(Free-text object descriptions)

________

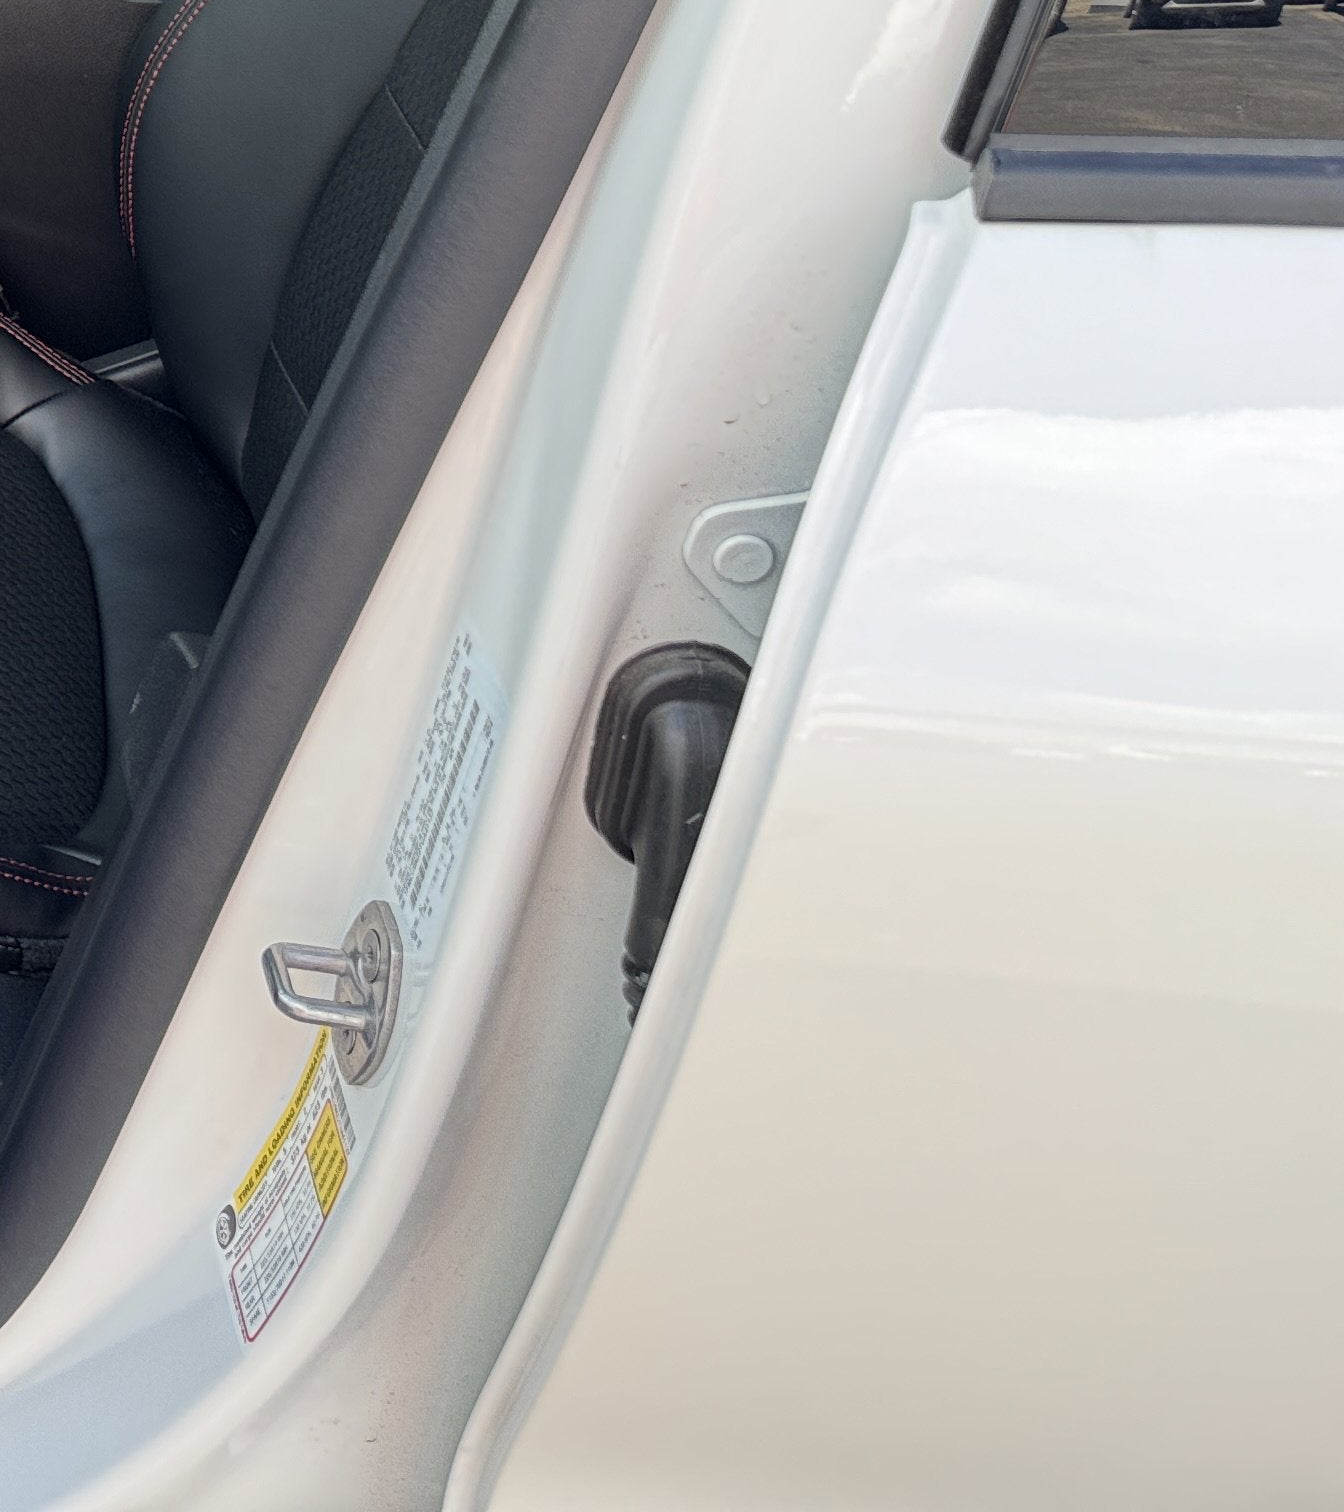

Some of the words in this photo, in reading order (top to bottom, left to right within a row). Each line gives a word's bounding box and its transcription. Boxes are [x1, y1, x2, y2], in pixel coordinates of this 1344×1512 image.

[238, 1177, 254, 1202] TIRE
[255, 1154, 268, 1178] AND
[268, 1108, 294, 1155] LOADING
[294, 1029, 327, 1108] INFORMATION
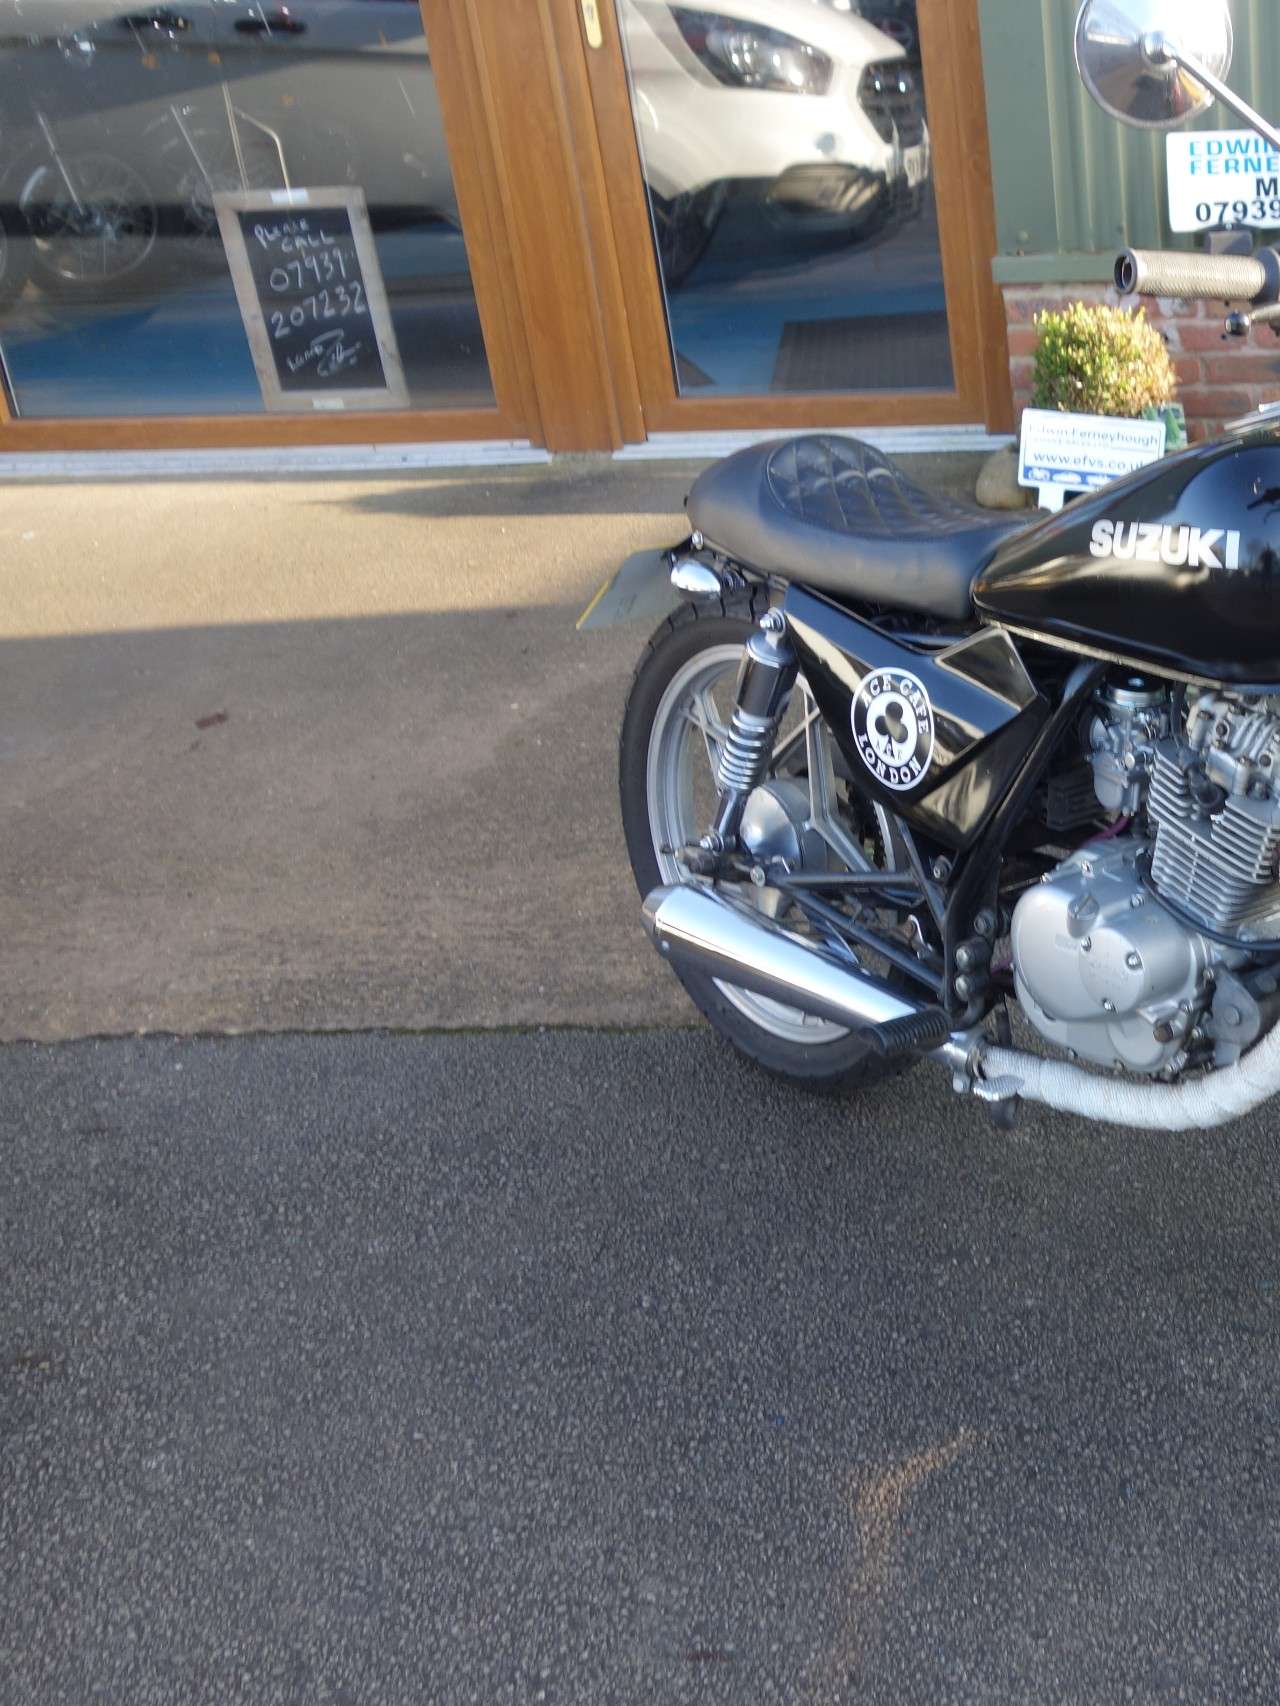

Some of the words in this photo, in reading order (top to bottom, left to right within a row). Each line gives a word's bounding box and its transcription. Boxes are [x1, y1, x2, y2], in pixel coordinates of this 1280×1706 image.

________

Prompt:
Above are the records; copy them exactly without the pictures.

Task answer:
Some of the words in this photo, in reading order (top to bottom, left to right within a row). Each line gives a word's bounding box and its transcription. Boxes are [x1, y1, x2, y2], in pixel coordinates of this 1344×1512 image.

[238, 1177, 254, 1202] TIRE
[255, 1154, 268, 1178] AND
[268, 1108, 294, 1155] LOADING
[294, 1029, 327, 1108] INFORMATION

Some of the words in this photo, in reading order (top to bottom, left to right within a row). Each line gives a word's bounding box and its transcription. Boxes are [x1, y1, x2, y2], in pixel coordinates of this 1280×1706 image.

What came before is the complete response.